▶ Activity
Set down every record below exactly as written, but leave out the pictures.

▶ Given records
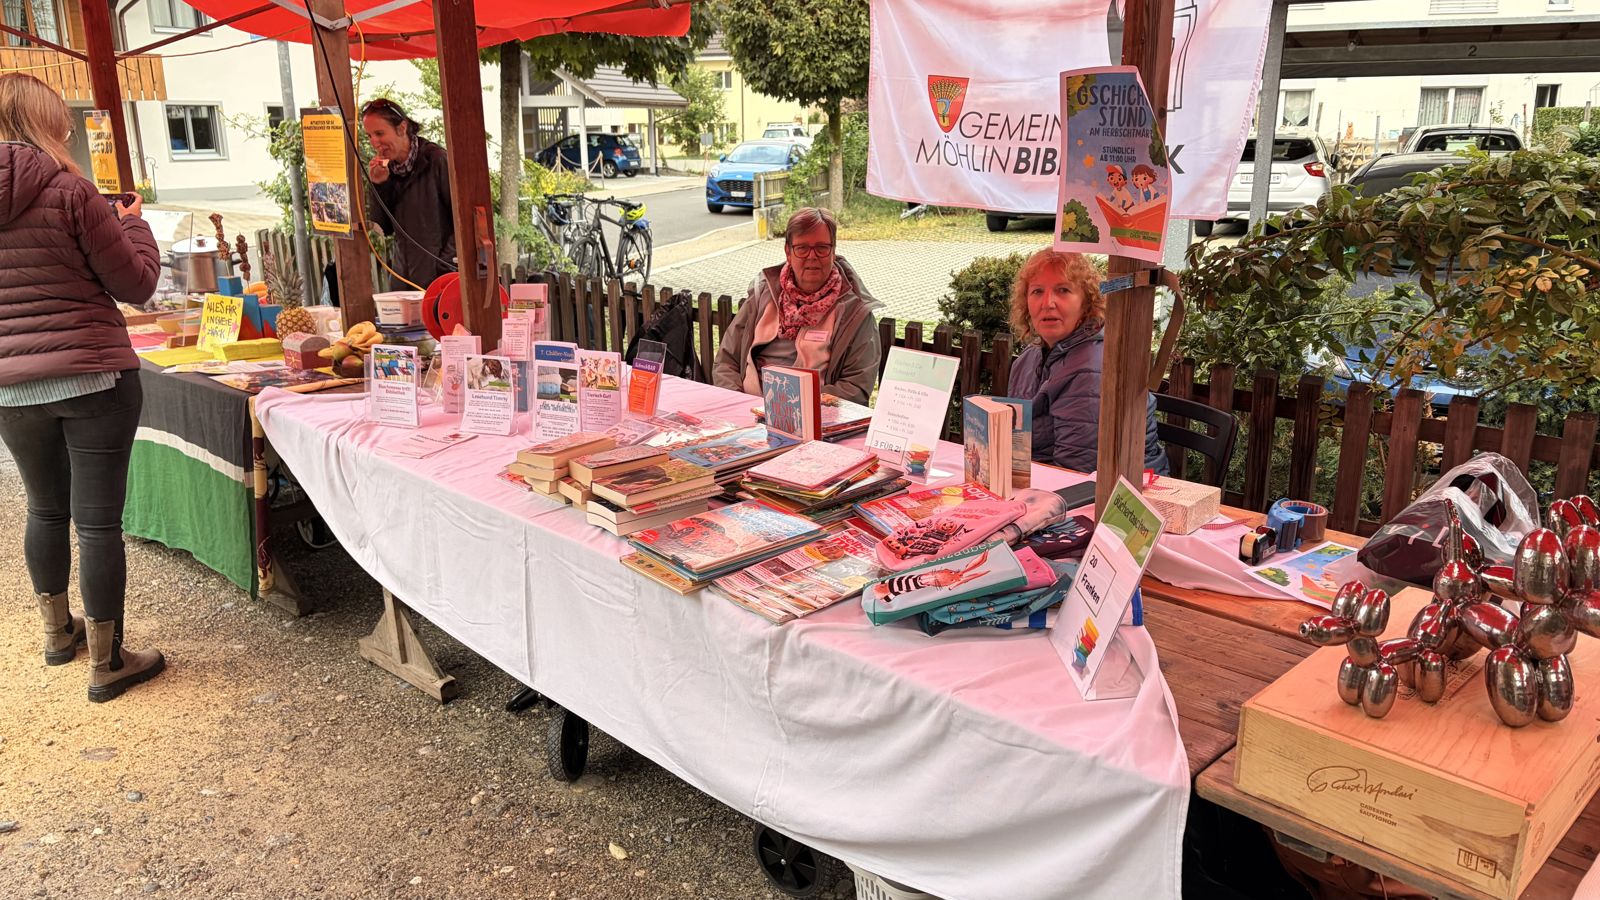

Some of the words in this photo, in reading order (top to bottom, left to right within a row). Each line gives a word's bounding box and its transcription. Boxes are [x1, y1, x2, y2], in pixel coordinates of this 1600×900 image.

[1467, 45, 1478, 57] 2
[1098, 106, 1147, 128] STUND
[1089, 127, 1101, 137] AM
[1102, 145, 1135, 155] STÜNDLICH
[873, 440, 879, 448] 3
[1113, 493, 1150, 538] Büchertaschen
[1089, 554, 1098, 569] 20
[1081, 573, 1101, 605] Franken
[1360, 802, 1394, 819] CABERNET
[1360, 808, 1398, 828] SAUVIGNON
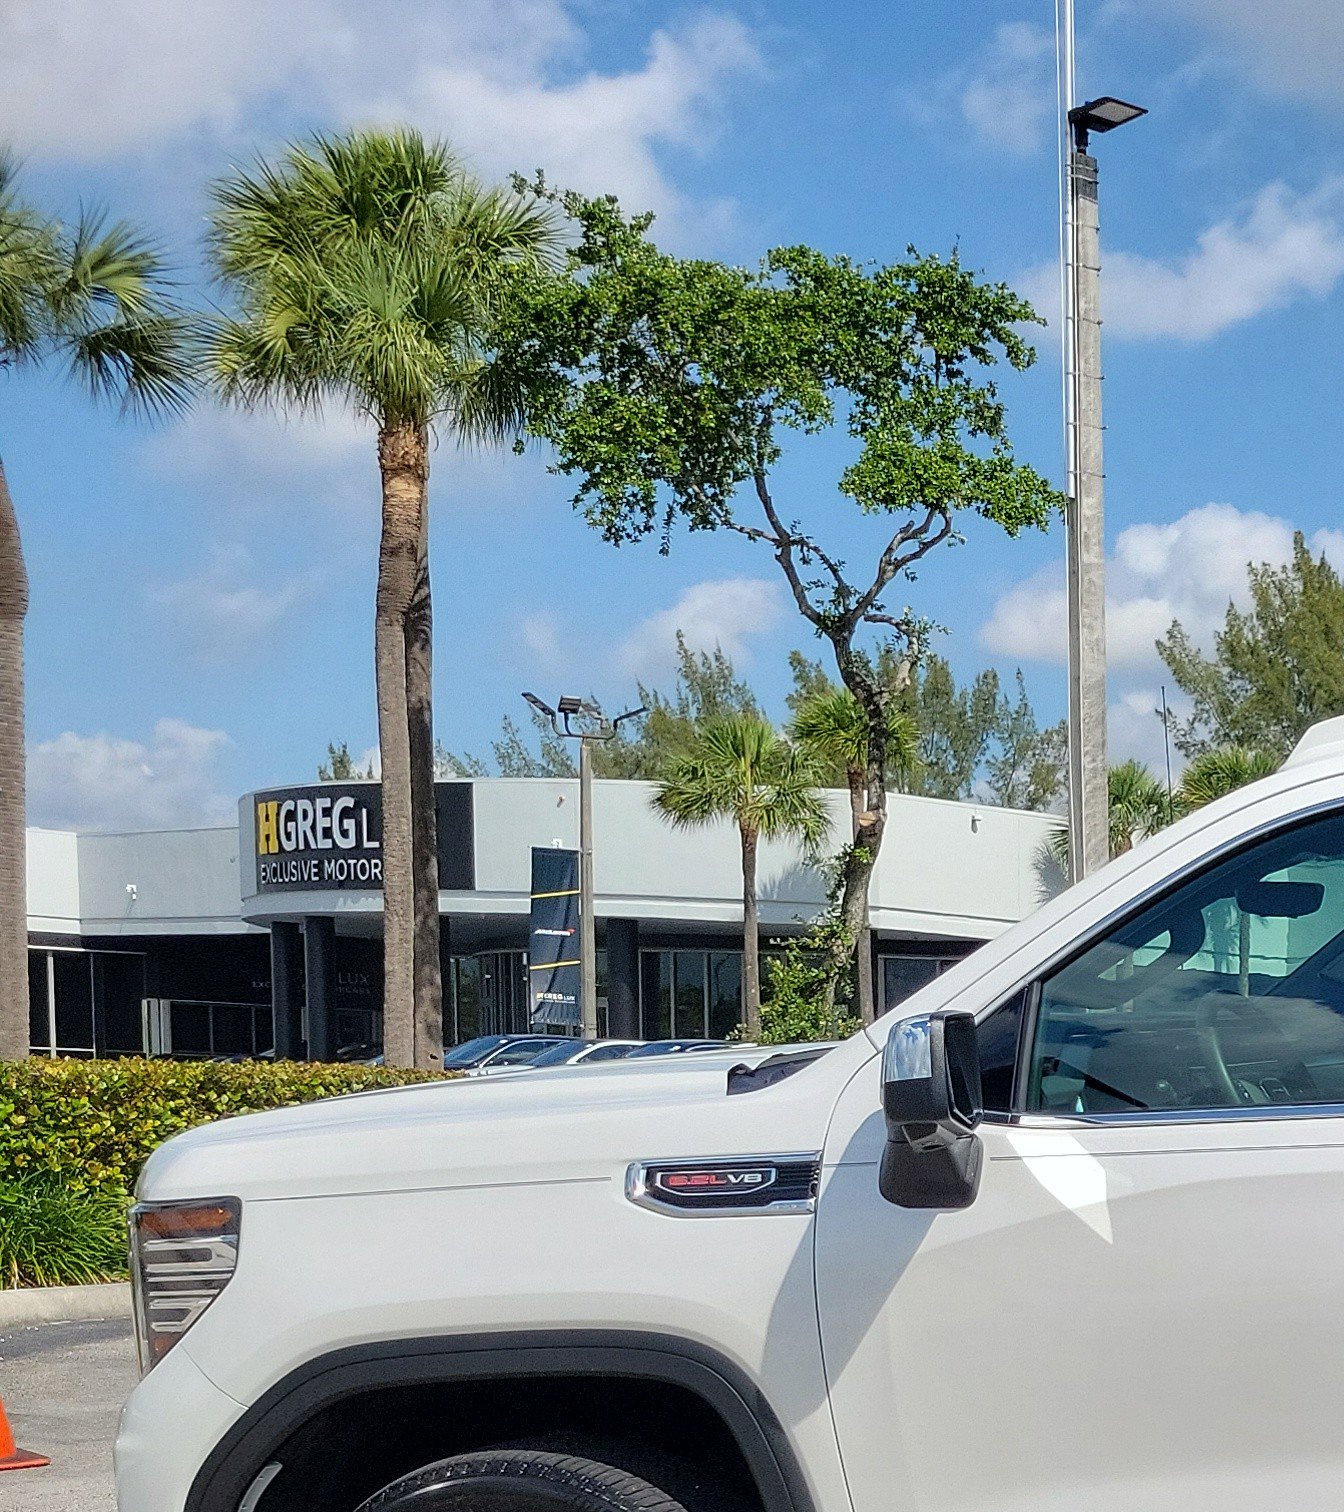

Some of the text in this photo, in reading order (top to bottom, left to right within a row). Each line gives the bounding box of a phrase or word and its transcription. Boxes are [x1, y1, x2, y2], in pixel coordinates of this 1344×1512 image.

▶ Answer space
Some of the words in this photo, in reading order (top to bottom, left to right within a row). Each line gives a word's bounding box and its transcription. Boxes are [x1, y1, x2, y2], in pixel coordinates of this 1600×900 image.

[1467, 45, 1478, 57] 2
[1098, 106, 1147, 128] STUND
[1089, 127, 1101, 137] AM
[1102, 145, 1135, 155] STÜNDLICH
[873, 440, 879, 448] 3
[1113, 493, 1150, 538] Büchertaschen
[1089, 554, 1098, 569] 20
[1081, 573, 1101, 605] Franken
[1360, 802, 1394, 819] CABERNET
[1360, 808, 1398, 828] SAUVIGNON

Some of the text in this photo, in reading order (top to bottom, left to right within a row). Each line gives the bounding box of a phrase or word and its transcription. Boxes are [x1, y1, x2, y2], in pixel coordinates of this 1344×1512 image.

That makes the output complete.